# Exercise prompt
Working from the records beneath this line, reproduce each one exactly.

# Entries provided
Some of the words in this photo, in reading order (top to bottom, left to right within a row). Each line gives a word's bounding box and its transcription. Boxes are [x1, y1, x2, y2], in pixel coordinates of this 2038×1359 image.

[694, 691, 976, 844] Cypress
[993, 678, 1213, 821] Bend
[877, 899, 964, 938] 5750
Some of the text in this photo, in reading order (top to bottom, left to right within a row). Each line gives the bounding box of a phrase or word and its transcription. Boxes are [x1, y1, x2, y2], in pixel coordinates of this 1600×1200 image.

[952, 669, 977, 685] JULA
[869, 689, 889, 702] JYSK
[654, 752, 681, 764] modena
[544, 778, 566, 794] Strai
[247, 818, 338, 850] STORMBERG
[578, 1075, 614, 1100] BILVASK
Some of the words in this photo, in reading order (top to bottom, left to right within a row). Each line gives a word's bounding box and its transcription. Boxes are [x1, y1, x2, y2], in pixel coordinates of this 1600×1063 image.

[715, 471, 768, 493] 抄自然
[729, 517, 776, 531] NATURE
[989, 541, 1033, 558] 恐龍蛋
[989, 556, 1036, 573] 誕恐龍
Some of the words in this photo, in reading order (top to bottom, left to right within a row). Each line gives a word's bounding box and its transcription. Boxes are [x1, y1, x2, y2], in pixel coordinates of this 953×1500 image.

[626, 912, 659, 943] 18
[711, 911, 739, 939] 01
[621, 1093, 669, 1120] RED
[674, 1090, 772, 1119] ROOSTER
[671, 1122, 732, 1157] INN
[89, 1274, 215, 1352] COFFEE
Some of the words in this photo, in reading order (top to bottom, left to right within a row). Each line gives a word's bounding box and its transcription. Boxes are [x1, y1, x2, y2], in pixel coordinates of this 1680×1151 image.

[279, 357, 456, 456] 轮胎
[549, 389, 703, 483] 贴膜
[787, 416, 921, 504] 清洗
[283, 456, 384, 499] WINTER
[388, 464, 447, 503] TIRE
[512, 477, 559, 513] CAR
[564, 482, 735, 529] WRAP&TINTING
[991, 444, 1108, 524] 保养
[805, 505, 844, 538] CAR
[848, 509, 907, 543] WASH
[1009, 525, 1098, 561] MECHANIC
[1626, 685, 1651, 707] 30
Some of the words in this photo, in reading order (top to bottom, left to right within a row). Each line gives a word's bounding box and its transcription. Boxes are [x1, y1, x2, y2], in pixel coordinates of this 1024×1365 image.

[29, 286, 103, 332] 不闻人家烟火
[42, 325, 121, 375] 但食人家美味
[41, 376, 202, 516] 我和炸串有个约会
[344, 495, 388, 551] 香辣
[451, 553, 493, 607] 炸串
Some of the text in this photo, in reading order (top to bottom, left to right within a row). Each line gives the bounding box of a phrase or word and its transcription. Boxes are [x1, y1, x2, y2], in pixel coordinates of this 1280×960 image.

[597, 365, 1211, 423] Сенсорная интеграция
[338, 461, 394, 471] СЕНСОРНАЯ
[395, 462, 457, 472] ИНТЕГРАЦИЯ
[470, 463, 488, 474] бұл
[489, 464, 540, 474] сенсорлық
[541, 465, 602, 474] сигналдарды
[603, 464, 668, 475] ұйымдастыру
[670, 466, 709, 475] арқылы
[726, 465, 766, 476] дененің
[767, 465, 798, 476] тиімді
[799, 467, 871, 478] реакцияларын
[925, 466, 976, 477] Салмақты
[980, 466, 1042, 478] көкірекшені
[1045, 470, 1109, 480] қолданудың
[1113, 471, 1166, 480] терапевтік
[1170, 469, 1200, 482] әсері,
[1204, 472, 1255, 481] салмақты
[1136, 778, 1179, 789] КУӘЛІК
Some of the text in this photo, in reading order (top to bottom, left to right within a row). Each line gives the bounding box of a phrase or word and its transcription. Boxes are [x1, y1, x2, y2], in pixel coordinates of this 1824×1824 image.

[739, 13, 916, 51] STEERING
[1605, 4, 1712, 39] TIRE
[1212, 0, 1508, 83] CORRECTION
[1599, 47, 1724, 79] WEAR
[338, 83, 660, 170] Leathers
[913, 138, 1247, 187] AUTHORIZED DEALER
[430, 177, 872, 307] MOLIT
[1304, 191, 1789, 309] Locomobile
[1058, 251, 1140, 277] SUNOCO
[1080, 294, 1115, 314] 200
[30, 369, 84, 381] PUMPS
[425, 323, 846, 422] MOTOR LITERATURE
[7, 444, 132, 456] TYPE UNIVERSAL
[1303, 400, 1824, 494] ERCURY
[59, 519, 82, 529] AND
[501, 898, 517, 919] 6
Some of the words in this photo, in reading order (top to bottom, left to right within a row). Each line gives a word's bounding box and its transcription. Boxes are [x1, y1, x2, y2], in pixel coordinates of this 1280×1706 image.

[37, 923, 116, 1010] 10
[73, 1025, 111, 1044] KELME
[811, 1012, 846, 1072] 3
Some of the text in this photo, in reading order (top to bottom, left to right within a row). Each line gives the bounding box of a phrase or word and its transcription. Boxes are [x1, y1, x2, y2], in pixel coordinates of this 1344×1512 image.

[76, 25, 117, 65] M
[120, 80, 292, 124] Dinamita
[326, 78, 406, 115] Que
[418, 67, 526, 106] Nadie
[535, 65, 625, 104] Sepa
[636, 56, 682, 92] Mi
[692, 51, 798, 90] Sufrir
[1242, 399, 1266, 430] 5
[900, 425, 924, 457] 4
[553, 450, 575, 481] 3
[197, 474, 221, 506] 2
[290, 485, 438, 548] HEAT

# Written solution
Some of the words in this photo, in reading order (top to bottom, left to right within a row). Each line gives a word's bounding box and its transcription. Boxes are [x1, y1, x2, y2], in pixel coordinates of this 2038×1359 image.

[694, 691, 976, 844] Cypress
[993, 678, 1213, 821] Bend
[877, 899, 964, 938] 5750
Some of the text in this photo, in reading order (top to bottom, left to right within a row). Each line gives the bounding box of a phrase or word and its transcription. Boxes are [x1, y1, x2, y2], in pixel coordinates of this 1600×1200 image.

[952, 669, 977, 685] JULA
[869, 689, 889, 702] JYSK
[654, 752, 681, 764] modena
[544, 778, 566, 794] Strai
[247, 818, 338, 850] STORMBERG
[578, 1075, 614, 1100] BILVASK
Some of the words in this photo, in reading order (top to bottom, left to right within a row). Each line gives a word's bounding box and its transcription. Boxes are [x1, y1, x2, y2], in pixel coordinates of this 1600×1063 image.

[715, 471, 768, 493] 抄自然
[729, 517, 776, 531] NATURE
[989, 541, 1033, 558] 恐龍蛋
[989, 556, 1036, 573] 誕恐龍
Some of the words in this photo, in reading order (top to bottom, left to right within a row). Each line gives a word's bounding box and its transcription. Boxes are [x1, y1, x2, y2], in pixel coordinates of this 953×1500 image.

[626, 912, 659, 943] 18
[711, 911, 739, 939] 01
[621, 1093, 669, 1120] RED
[674, 1090, 772, 1119] ROOSTER
[671, 1122, 732, 1157] INN
[89, 1274, 215, 1352] COFFEE
Some of the words in this photo, in reading order (top to bottom, left to right within a row). Each line gives a word's bounding box and its transcription. Boxes are [x1, y1, x2, y2], in pixel coordinates of this 1680×1151 image.

[279, 357, 456, 456] 轮胎
[549, 389, 703, 483] 贴膜
[787, 416, 921, 504] 清洗
[283, 456, 384, 499] WINTER
[388, 464, 447, 503] TIRE
[512, 477, 559, 513] CAR
[564, 482, 735, 529] WRAP&TINTING
[991, 444, 1108, 524] 保养
[805, 505, 844, 538] CAR
[848, 509, 907, 543] WASH
[1009, 525, 1098, 561] MECHANIC
[1626, 685, 1651, 707] 30
Some of the words in this photo, in reading order (top to bottom, left to right within a row). Each line gives a word's bounding box and its transcription. Boxes are [x1, y1, x2, y2], in pixel coordinates of this 1024×1365 image.

[29, 286, 103, 332] 不闻人家烟火
[42, 325, 121, 375] 但食人家美味
[41, 376, 202, 516] 我和炸串有个约会
[344, 495, 388, 551] 香辣
[451, 553, 493, 607] 炸串
Some of the text in this photo, in reading order (top to bottom, left to right within a row). Each line gives the bounding box of a phrase or word and its transcription. Boxes are [x1, y1, x2, y2], in pixel coordinates of this 1280×960 image.

[597, 365, 1211, 423] Сенсорная интеграция
[338, 461, 394, 471] СЕНСОРНАЯ
[395, 462, 457, 472] ИНТЕГРАЦИЯ
[470, 463, 488, 474] бұл
[489, 464, 540, 474] сенсорлық
[541, 465, 602, 474] сигналдарды
[603, 464, 668, 475] ұйымдастыру
[670, 466, 709, 475] арқылы
[726, 465, 766, 476] дененің
[767, 465, 798, 476] тиімді
[799, 467, 871, 478] реакцияларын
[925, 466, 976, 477] Салмақты
[980, 466, 1042, 478] көкірекшені
[1045, 470, 1109, 480] қолданудың
[1113, 471, 1166, 480] терапевтік
[1170, 469, 1200, 482] әсері,
[1204, 472, 1255, 481] салмақты
[1136, 778, 1179, 789] КУӘЛІК
Some of the text in this photo, in reading order (top to bottom, left to right within a row). Each line gives the bounding box of a phrase or word and its transcription. Boxes are [x1, y1, x2, y2], in pixel coordinates of this 1824×1824 image.

[739, 13, 916, 51] STEERING
[1605, 4, 1712, 39] TIRE
[1212, 0, 1508, 83] CORRECTION
[1599, 47, 1724, 79] WEAR
[338, 83, 660, 170] Leathers
[913, 138, 1247, 187] AUTHORIZED DEALER
[430, 177, 872, 307] MOLIT
[1304, 191, 1789, 309] Locomobile
[1058, 251, 1140, 277] SUNOCO
[1080, 294, 1115, 314] 200
[30, 369, 84, 381] PUMPS
[425, 323, 846, 422] MOTOR LITERATURE
[7, 444, 132, 456] TYPE UNIVERSAL
[1303, 400, 1824, 494] ERCURY
[59, 519, 82, 529] AND
[501, 898, 517, 919] 6
Some of the words in this photo, in reading order (top to bottom, left to right within a row). Each line gives a word's bounding box and its transcription. Boxes are [x1, y1, x2, y2], in pixel coordinates of this 1280×1706 image.

[37, 923, 116, 1010] 10
[73, 1025, 111, 1044] KELME
[811, 1012, 846, 1072] 3
Some of the text in this photo, in reading order (top to bottom, left to right within a row). Each line gives the bounding box of a phrase or word and its transcription. Boxes are [x1, y1, x2, y2], in pixel coordinates of this 1344×1512 image.

[76, 25, 117, 65] M
[120, 80, 292, 124] Dinamita
[326, 78, 406, 115] Que
[418, 67, 526, 106] Nadie
[535, 65, 625, 104] Sepa
[636, 56, 682, 92] Mi
[692, 51, 798, 90] Sufrir
[1242, 399, 1266, 430] 5
[900, 425, 924, 457] 4
[553, 450, 575, 481] 3
[197, 474, 221, 506] 2
[290, 485, 438, 548] HEAT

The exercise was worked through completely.